[Start of section]

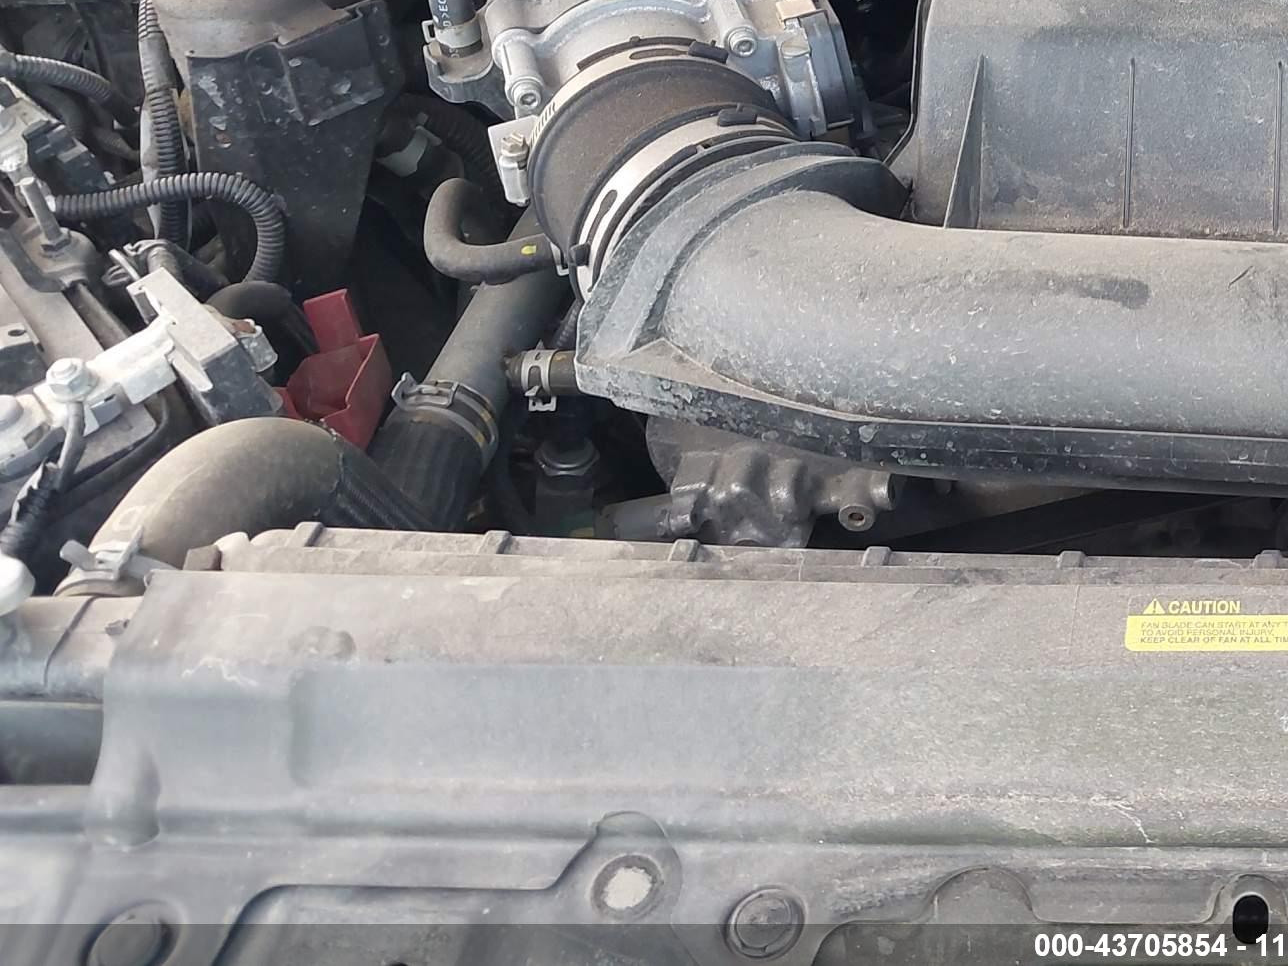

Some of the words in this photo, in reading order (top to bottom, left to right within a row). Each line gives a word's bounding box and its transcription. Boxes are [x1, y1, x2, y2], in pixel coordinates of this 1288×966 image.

[1167, 600, 1241, 614] CAUTION
[1161, 621, 1193, 629] BLADE
[1194, 621, 1215, 629] CAN
[1217, 621, 1248, 629] START
[1249, 621, 1262, 629] AT
[1262, 621, 1281, 629] ANY
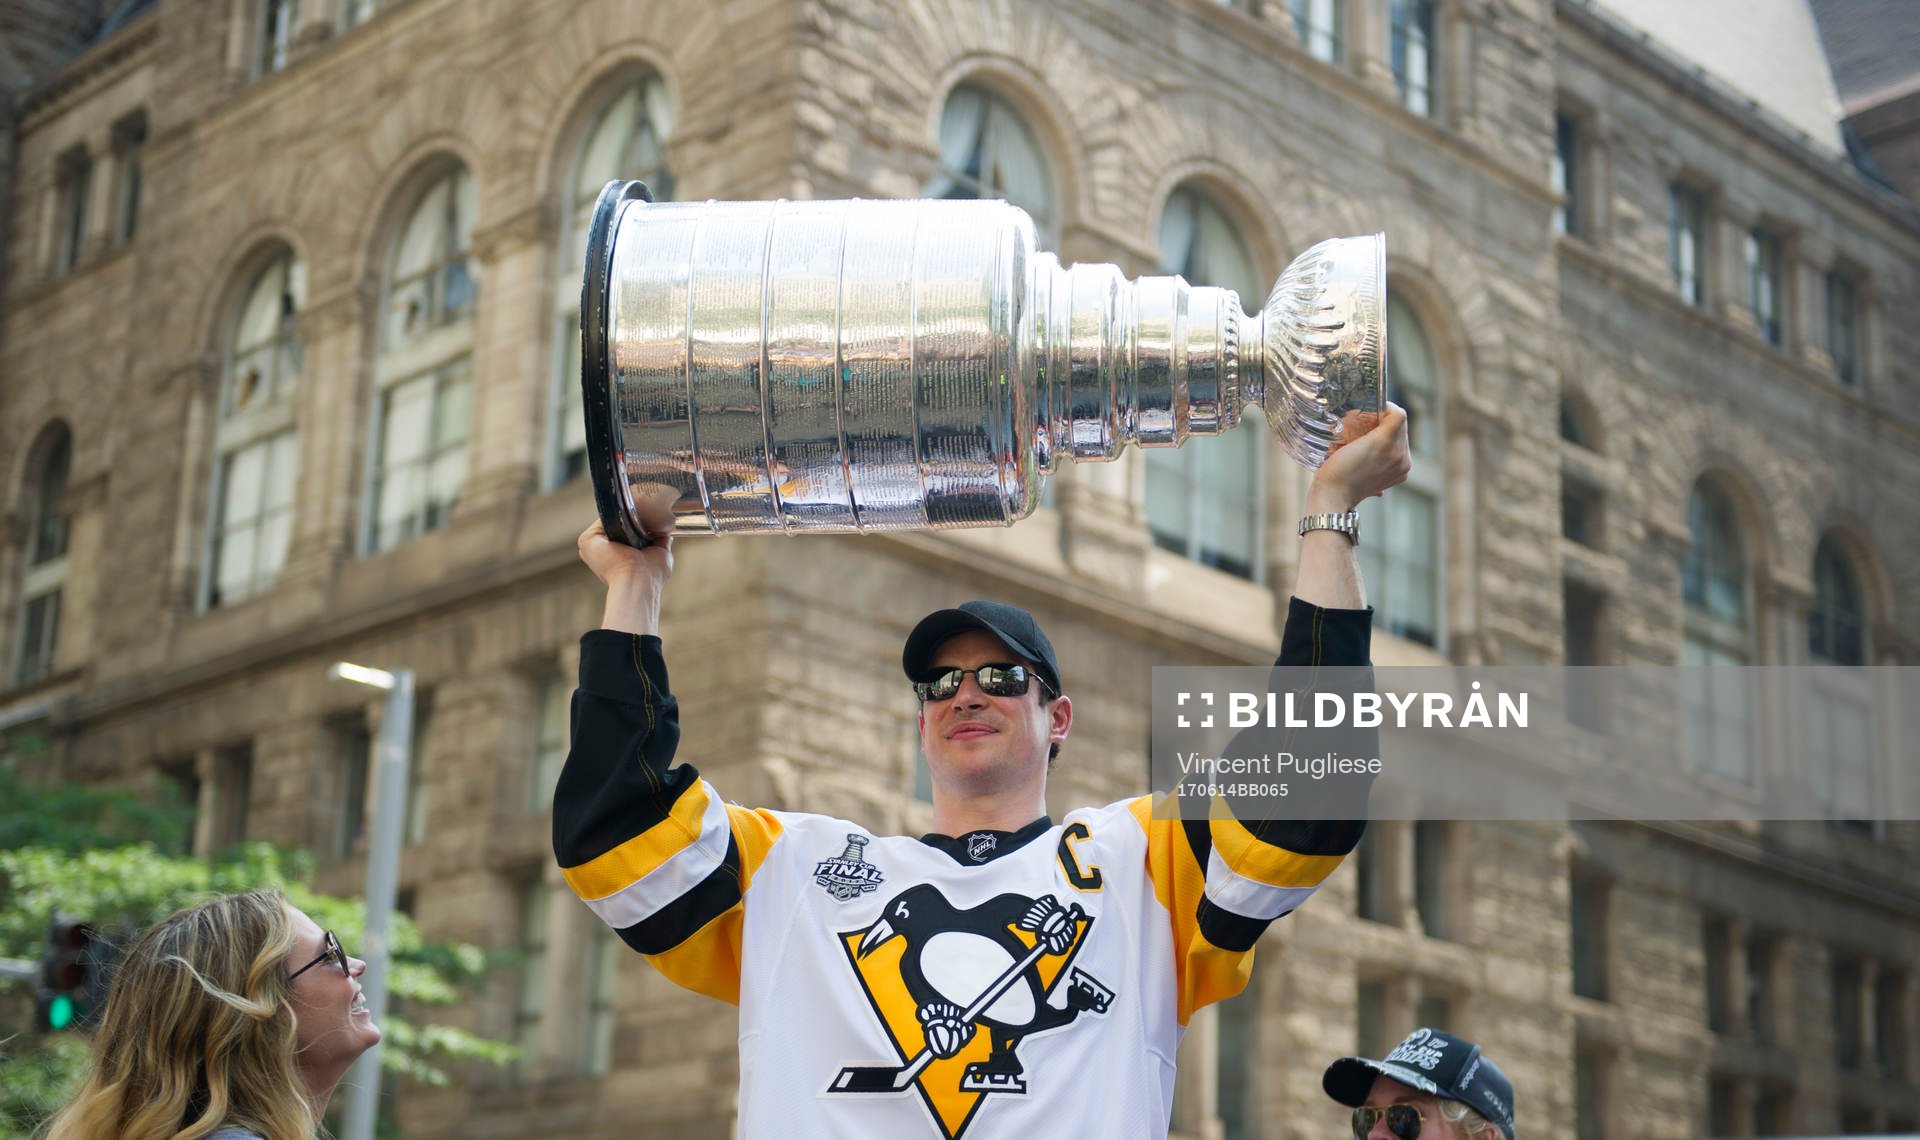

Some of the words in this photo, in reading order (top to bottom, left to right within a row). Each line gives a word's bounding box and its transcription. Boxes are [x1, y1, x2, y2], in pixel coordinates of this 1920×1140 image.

[973, 841, 992, 856] NHL
[1055, 820, 1105, 893] C
[828, 858, 859, 867] STANLEY
[815, 863, 883, 883] FINAL
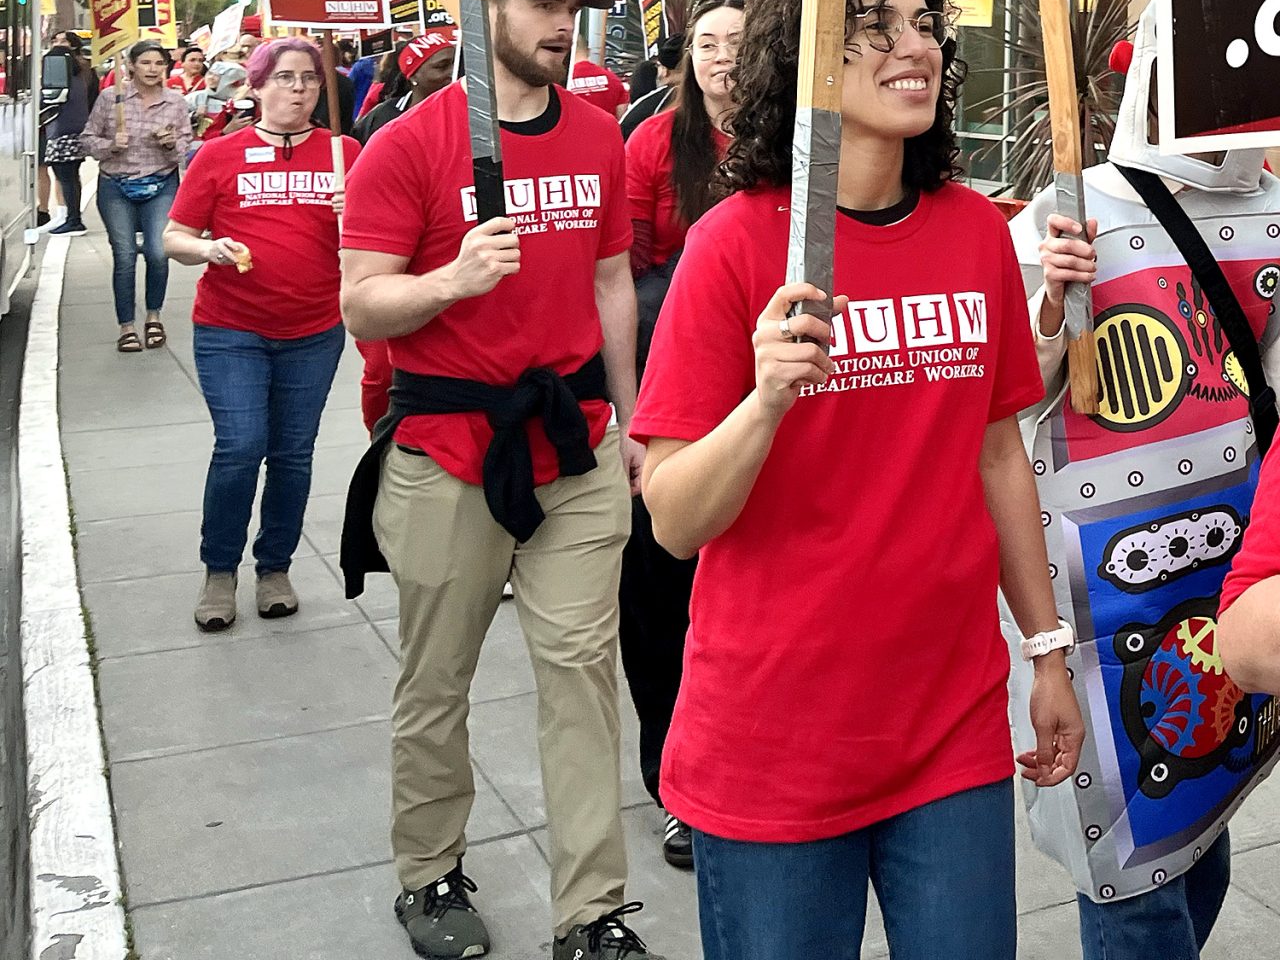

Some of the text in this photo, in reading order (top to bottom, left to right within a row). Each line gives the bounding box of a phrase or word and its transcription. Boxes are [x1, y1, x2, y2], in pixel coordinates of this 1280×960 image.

[327, 1, 377, 12] NUHW
[240, 173, 335, 192] NUHW
[509, 208, 594, 225] ONAL UNION OF
[554, 220, 597, 232] WORKERS
[831, 347, 979, 375] ATIONAL UNION OF
[924, 364, 985, 383] WORKERS

[End of section]

:: What you should do ::
Before duplicating, set the pictures aside; then output exactly the lines from the one with "this 1920×1140 image." through the end of the records, and only those.

:: Answer for the task ::
Some of the words in this photo, in reading order (top to bottom, left to right within a row). Each line gives a word's bounding box and its transcription. Boxes are [x1, y1, x2, y2], in pixel coordinates of this 1920×1140 image.

[973, 841, 992, 856] NHL
[1055, 820, 1105, 893] C
[828, 858, 859, 867] STANLEY
[815, 863, 883, 883] FINAL

Some of the text in this photo, in reading order (top to bottom, left to right within a row). Each line gives the bounding box of a phrase or word and its transcription. Boxes are [x1, y1, x2, y2], in pixel coordinates of this 1280×960 image.

[327, 1, 377, 12] NUHW
[240, 173, 335, 192] NUHW
[509, 208, 594, 225] ONAL UNION OF
[554, 220, 597, 232] WORKERS
[831, 347, 979, 375] ATIONAL UNION OF
[924, 364, 985, 383] WORKERS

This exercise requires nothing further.